This is a hard one to talk about but I want get this out of my system...what happened there with Andy Siems was I spoke to him a couple of times in a chat room...and I think it was me that said... “can I add you to messenger?”...and then well, I added him to messenger.
What then transpired was a very bad case of me being star struck, but also ontop of that, which was possibly even worse...the self fulfilling prophecy thing happened...it's not good, no it's not good.
NOTE: Andy Siems and John Jansen do The Hollywood Saloon Podcast.

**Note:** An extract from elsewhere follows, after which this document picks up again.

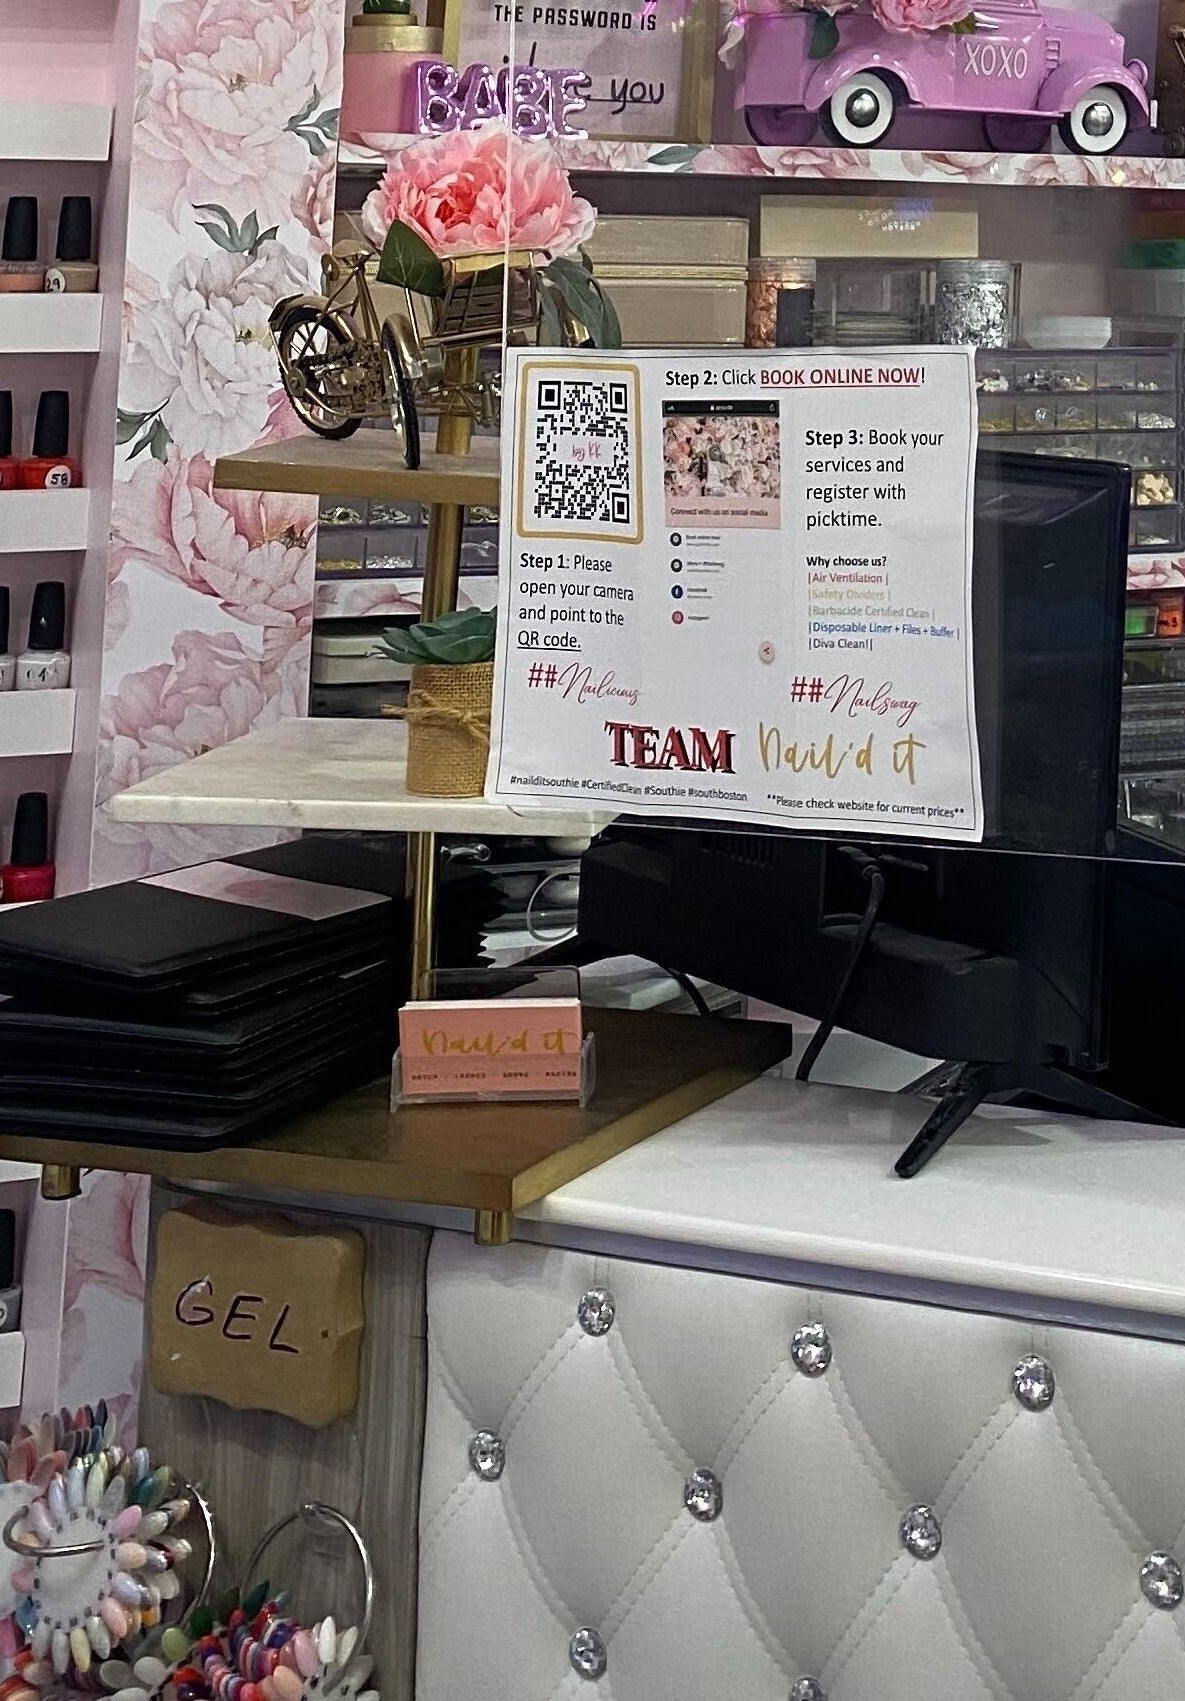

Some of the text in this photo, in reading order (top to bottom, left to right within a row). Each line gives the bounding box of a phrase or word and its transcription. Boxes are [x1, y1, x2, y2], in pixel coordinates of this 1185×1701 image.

These guys I just really love listening to and over the years you get so that you know what they love and what they don’t love...sort of. But, I do know one thing for certain, and that’s that Andy Siems really loves science fiction...but what I’m talking about here is a real love for a lot of different types of science fiction...and a particular love for what I call pure science fiction stuff, that’s the very optimistic stuff, like the Gene Roddenberry universe. That basically means space ships, alien worlds and ray guns. Now I don’t come across many people who like that stuff, in fact I only know two or three. But it’s very clear in those three cases that they are very similar to me in the views that they have about present day mankind, we share a dream of all probably wanting to live in Gene Roddenberry universe.
I know that he loves my films a lot, and so entirely possible that, maybe he was star struck around me?...I only say this because on the brief encounters I’ve had with him he’s often said how much he loves my films...
NOTE: When somebody says they love my stuff I never know how to really respond to it. You see, I see nothing but faults in my work...I want the work to be so much better than it is...but to come clean here, I see great potential in my ideas, if I can ever get them properly realised...to me, they still aren’t really realised. Maybe the concepts are, but I’m a long way off from that 70mm camera and large miniatures...and that frustrates the hell out of me.
NOTE: At the same time I’m proud of most of what I’ve done because it exists as something, and that’s better than not having anything at all to show. And don’t get me wrong, I’m really happy with some of the shots I’ve done, and love the actual making the films.
That somebody was star struck around me is a very difficult concept for me to grasp, that people would be star struck around me...me????..*laughs* and I definitely think he would find it hard to grasp that somebody was star struck around him too...but the simple fact of the matter is, I was.
Butis there a misunderstanding though?...Am I one of these people who assumes the worse?